[sclug] OS crash whne using flash on full screen mode

Tom Carbert-Allen tom at randominter.net
Tue Jul 13 09:05:06 UTC 2010


On 13/07/2010 8:23, Alex Butcher wrote:
> On Tue, 13 Jul 2010, Olivier Lauret wrote:
>
>> Regarding the type of crash, it is a hard crash as if you take the 
>> plug of
>> the socket or you pressed the off button. Could it be related to the CPU
>> which is over heating? As well, the crash doesn't happen all the time is
>> cannot be reproduced all the time with the same flash video. At the 
>> moment,
>> it happens only when viewing a flash video on full screen mode.
>
> Almost certainly not the CPU overheating; modern CPUs should throttle 
> their
> clockspeed when they overheat.
>
>> Could not identify the issue with the links Alex mentioned, but this is
>> probably because I know exactly what I'm looking for.
>
> My money's on a bug in the Intel driver, most likely in its Xv (aka 
> XVideo)
> code, so look at those launchpad entries.

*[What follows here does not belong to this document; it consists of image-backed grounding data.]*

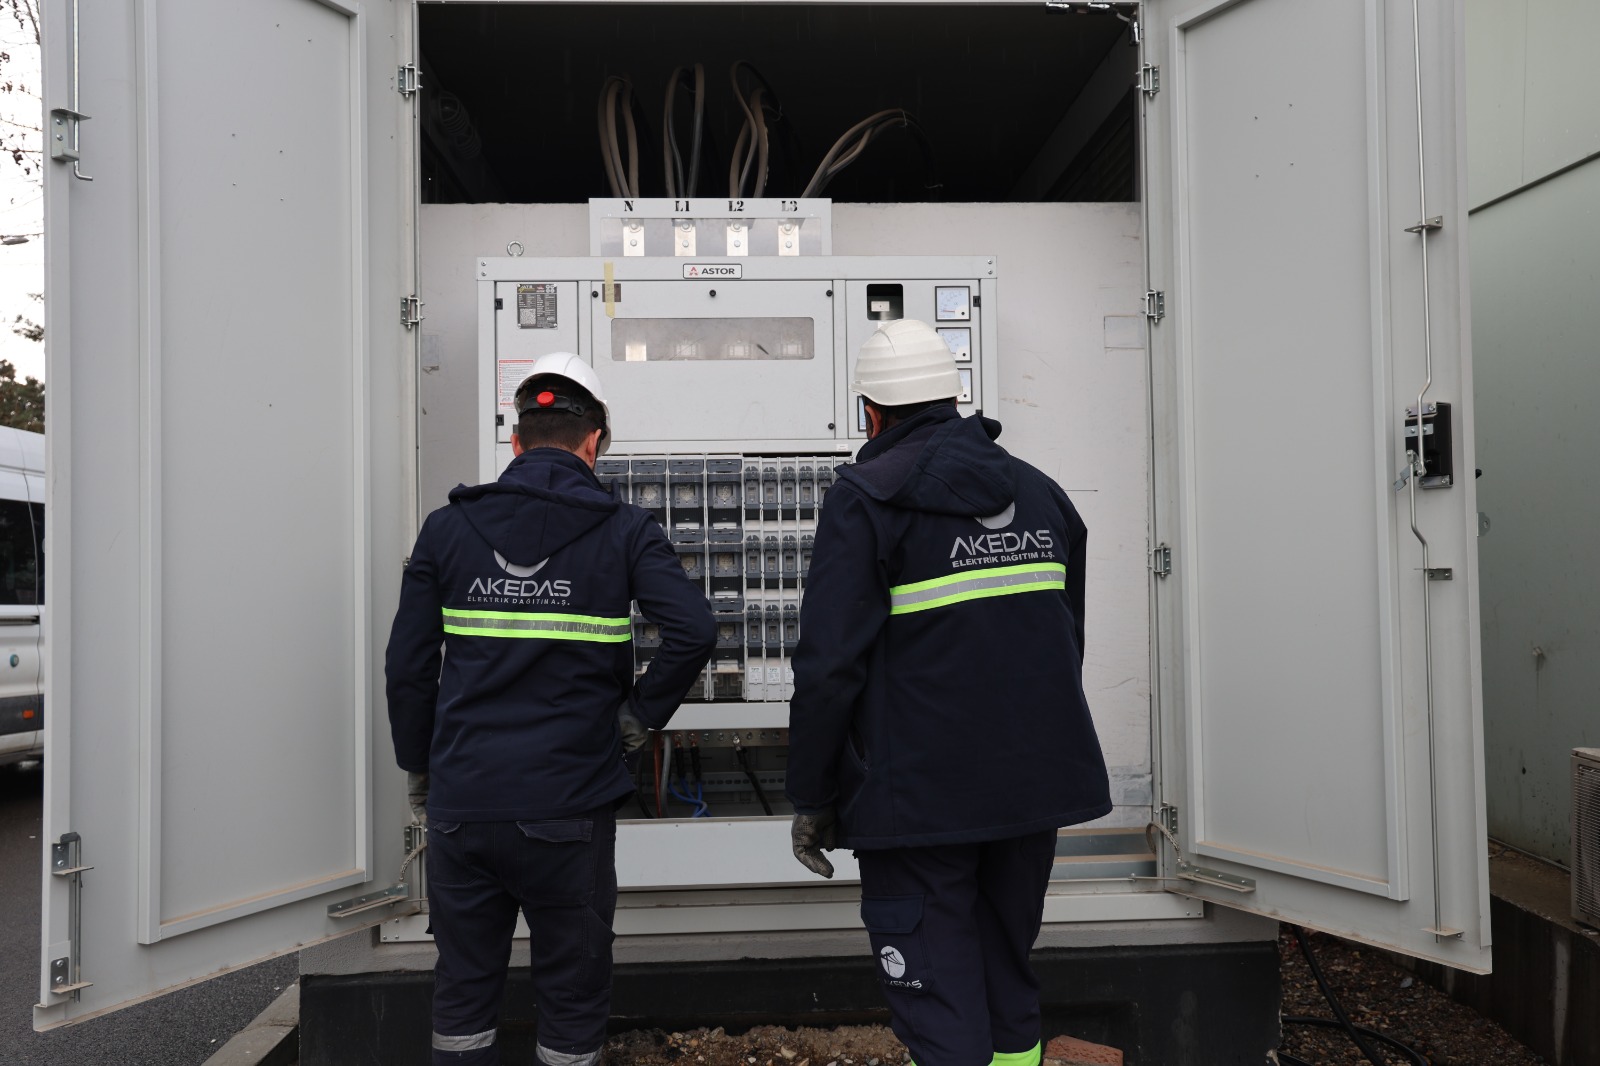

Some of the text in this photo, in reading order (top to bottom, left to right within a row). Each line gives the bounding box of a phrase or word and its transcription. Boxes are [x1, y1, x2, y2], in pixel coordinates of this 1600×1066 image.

[623, 201, 798, 212] N L1 L2 L3
[701, 267, 735, 275] ASTOR
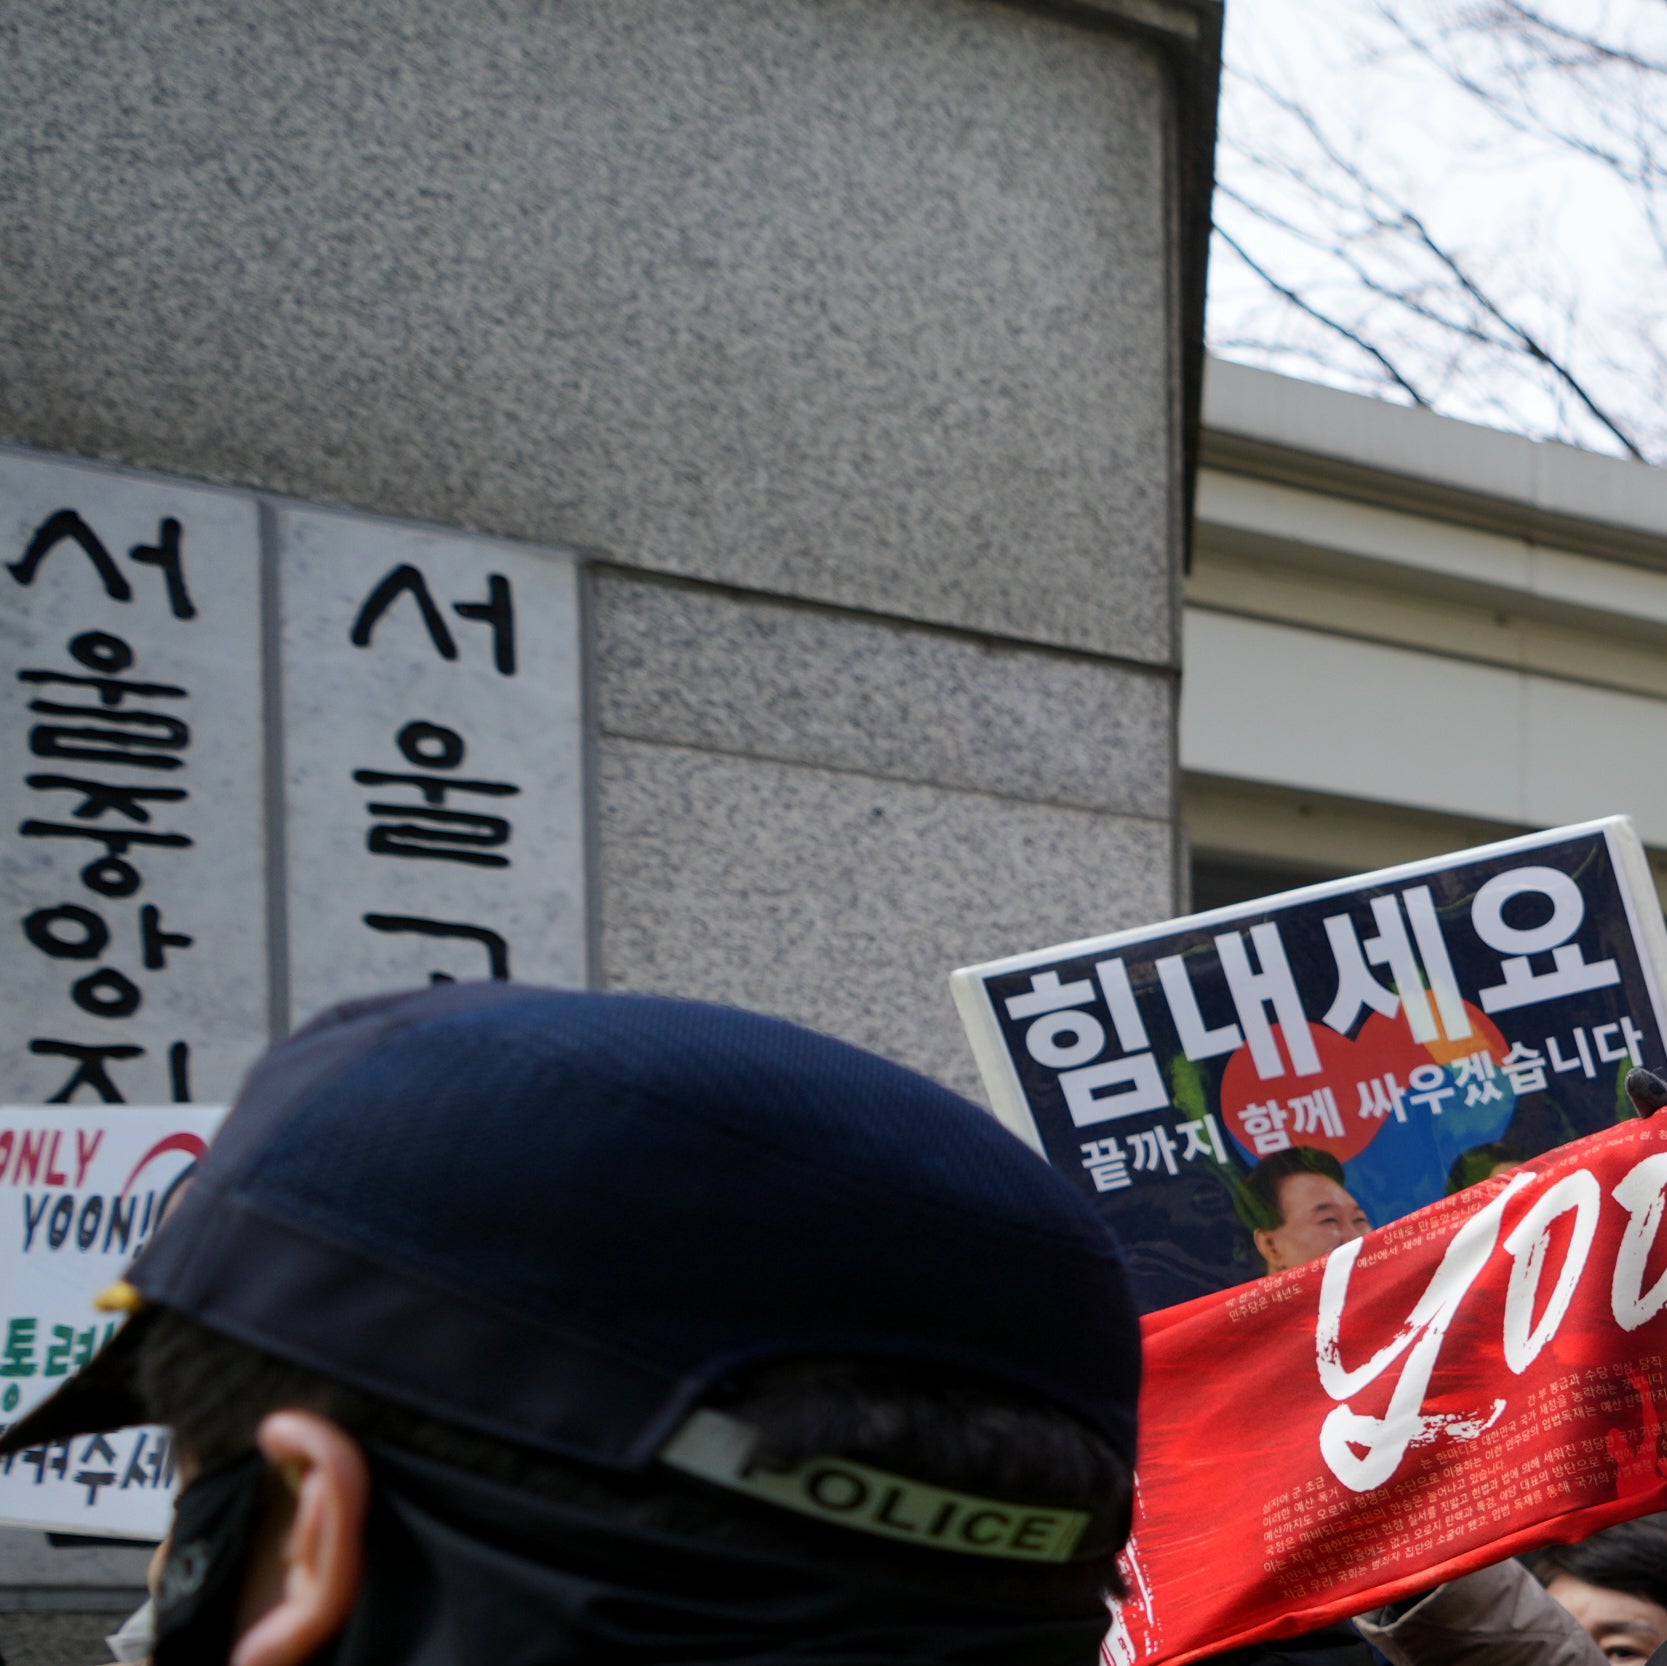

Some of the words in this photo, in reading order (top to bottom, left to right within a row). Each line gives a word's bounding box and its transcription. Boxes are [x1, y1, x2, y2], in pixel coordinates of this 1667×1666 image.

[1005, 866, 1621, 1128] 힘내세요
[1079, 1113, 1229, 1193] 끝까지
[1237, 1091, 1345, 1152] 함께
[1357, 1016, 1646, 1125] 싸우겠습니다
[1229, 1297, 1268, 1322] 민주당은
[1271, 1284, 1301, 1304] 내년도
[1357, 1247, 1398, 1269] 예산에서
[738, 1456, 1058, 1553] POLICE
[1294, 1499, 1314, 1512] 예산
[1435, 1444, 1479, 1465] 한마디로
[1317, 1500, 1351, 1521] 오로지
[1394, 1471, 1440, 1497] 수단으로
[1443, 1457, 1482, 1478] 이용하는
[1319, 1527, 1378, 1554] 대한민국의
[1543, 1444, 1577, 1466] 세워진

Some of them, along with one of
> the respondents here, reported improvements after changing the 
> acceleration
> architecture (XAA, EXA and UXA are the keywords - it changes so much I 
> can't
> keep it straight in my head, and have never needed to tinker)
>
> HTH,
> Alex

It may not be overheating, as this is rare these days as you say (well 
apart from if your ambient case temp is too high. The throttling is only 
based on main gpu temp sensor, the ram could overheat and the card would 
have no idea)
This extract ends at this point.